それを常に実らせる魔物が欲しいわけであり、やはり現状ではまだまだ足りてないのが実感できる。
これは思ったよりも骨が折れる作業かもしれない。
そう思いながらもオレは新たな魔物を栽培するべきかと考え、この地の魔物の捕獲に行こうかと宮殿に戻ろうとした際、思いもよらぬ人物と出くわす。
「よおー、キョウ。久しぶりに会いに行ったらなんか砂漠に行ったって聞いて探したぞー。こんなところでなにしてんだ、お前?」
「そりゃこっちのセリフなんだが、オヤジ」
母さんとの料理対決以降、ご無沙汰だったオヤジとの再会だった。
そういえば、このオヤジ今まで何してたんだろうか。
思えば帝王との決戦では文字通り役に立っていないし。いや、それ以前に母さんとの料理対決でも役に立ってなかったな?
まるでダメなオヤジ……こいつはマダオ候補が出てきたぞ。
「で、真面目な話、ここでなにしてんだ? なーんか面白そうなことやってるっぽいかが」
そんなオレの脳内思考に気づいた様子もなく、荒れ地にて栽培中の魔物を見るオヤジ。
まあ、こんなんでも一応はオレの親だし、オヤジもこの世界で野菜とか作っていたわけだから、まるっきりの無能というわけでもないので、なにかの参考のために聞いてみるか。
というわけで現状をチャッチャと伝える。
「なーるほどなぁ。

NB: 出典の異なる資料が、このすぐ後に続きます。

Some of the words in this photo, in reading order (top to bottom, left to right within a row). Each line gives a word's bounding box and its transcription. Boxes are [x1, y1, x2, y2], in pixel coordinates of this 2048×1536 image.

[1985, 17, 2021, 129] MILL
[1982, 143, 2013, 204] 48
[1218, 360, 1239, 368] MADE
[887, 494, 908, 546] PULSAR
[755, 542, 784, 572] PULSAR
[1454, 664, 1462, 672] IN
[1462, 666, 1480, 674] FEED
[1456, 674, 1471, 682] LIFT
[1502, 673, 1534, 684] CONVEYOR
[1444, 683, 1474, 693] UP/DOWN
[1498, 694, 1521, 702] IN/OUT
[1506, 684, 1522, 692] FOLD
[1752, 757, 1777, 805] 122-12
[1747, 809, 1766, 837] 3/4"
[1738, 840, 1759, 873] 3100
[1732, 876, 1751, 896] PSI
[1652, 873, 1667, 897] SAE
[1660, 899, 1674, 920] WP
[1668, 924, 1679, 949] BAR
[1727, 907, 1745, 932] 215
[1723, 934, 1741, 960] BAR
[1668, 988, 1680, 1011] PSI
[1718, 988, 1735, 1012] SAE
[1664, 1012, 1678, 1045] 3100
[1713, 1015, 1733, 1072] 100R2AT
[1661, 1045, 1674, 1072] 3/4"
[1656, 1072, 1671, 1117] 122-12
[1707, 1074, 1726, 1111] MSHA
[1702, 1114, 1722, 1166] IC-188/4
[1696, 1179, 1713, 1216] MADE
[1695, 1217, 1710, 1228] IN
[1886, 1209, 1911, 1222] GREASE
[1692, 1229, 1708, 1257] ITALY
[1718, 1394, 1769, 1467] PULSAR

確かに砂漠で栽培できる魔物となるとそうあるわけじゃない。さすがのお前さんも手こずってるってわけか」
「そういうわけなんだよ。なんかいい手はねーか? オヤジ」
あまり期待せずに聞いてみたそのセリフであったが、そこから返ってきた答えは予想外のものであった。

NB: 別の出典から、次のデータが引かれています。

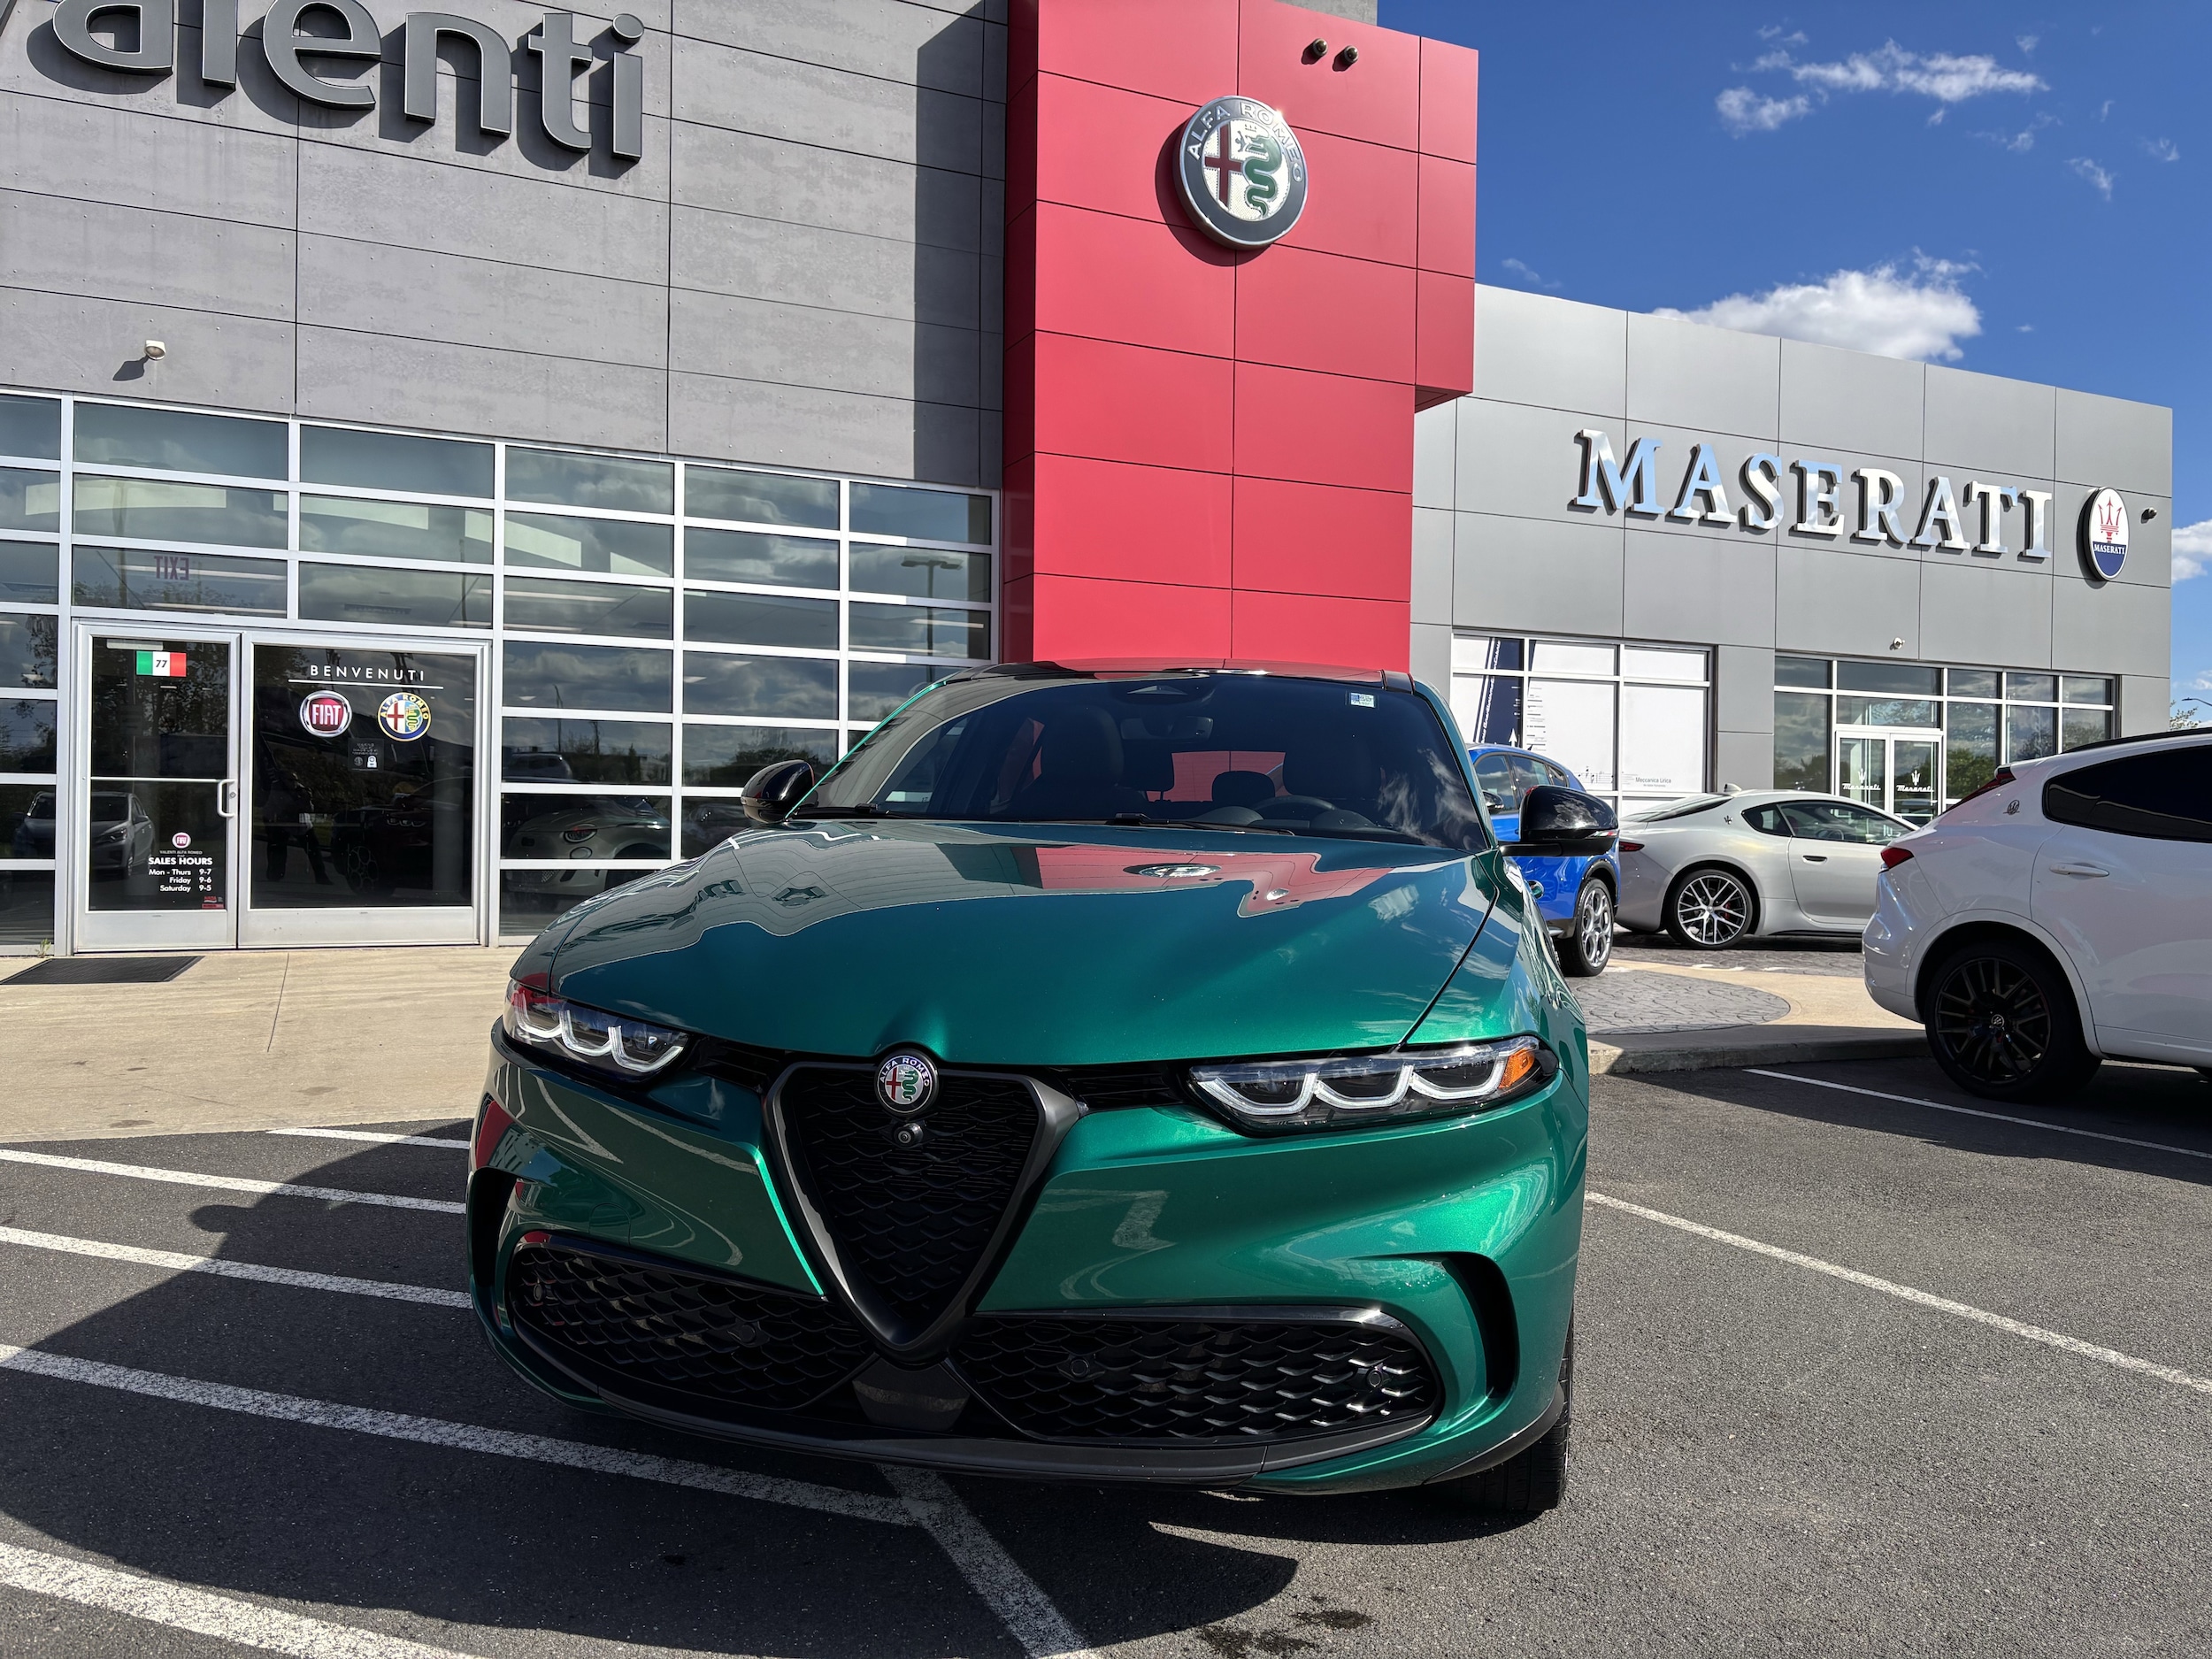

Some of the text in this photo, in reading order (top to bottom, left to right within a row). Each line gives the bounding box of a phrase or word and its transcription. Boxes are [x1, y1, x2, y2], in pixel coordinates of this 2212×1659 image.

[0, 0, 645, 162] alenti
[1187, 102, 1302, 182] ALFA ROMEO
[1571, 428, 2053, 559] MASERATI
[2093, 543, 2125, 555] MASERATI
[156, 659, 167, 669] 77
[311, 664, 424, 681] BENVENUTI
[311, 703, 342, 726] FIAT
[380, 694, 429, 720] ALFA ROMEO
[148, 856, 213, 865] SALES HOURS
[169, 876, 191, 885] Friday
[879, 1057, 930, 1087] ALFA ROMEO

「なら、そろそろお前さんも次の段階に行ってもいい頃合かもな」
「次の段階?」
なんじゃそりゃと思わず聞き返したオレに、オヤジはやれやれといった感じで答える。
「おいおい、お前さん忘れたのか? この世界は元々を人を次の段階へと押し上げる進化のために用意された世界だ。つまりは人が成長するための舞台でもあるってことだ」
「そりゃ聞いたけどさ、それがなんだって言うんだよ?」
「鈍い奴だなー、わっかんねーのか?」
勿体つけているオヤジにさっさと答えを言えと小突くオレ。
「つまりだ。お前さんのその魔物栽培のスキルも『次の段階』に行く頃合だってことだよ」
「?! それってオレの能力が成長するってことなのか?」
オレのその答えに頷くオヤジ。
それは流石に予想外の答えであった。
今までオレは現状の魔物やこの地にいる魔物で新たな栽培を行おうと考えていた。
だが、オヤジが提案した答えはまさにそれらの上を行く道。
そもそものオレのスキルを進化させるというもので思いつきもしなかった。
「まあ、そういうわけでちょいとそのための準備として、ちょっくら戻るとするか」
「戻るってどこにだよ?」
オヤジのそのセリフに対し、思わず問い返し、続き答えにオレは先程と同様の、いやそれ以上の衝撃を受ける。
「決まってんだろう。地球だよ」
「………………はい?」
「久しぶりの里帰りと行こうぜ」
まるで電車で日帰りでもするかのようにオヤジはあっさりと言ってのけた。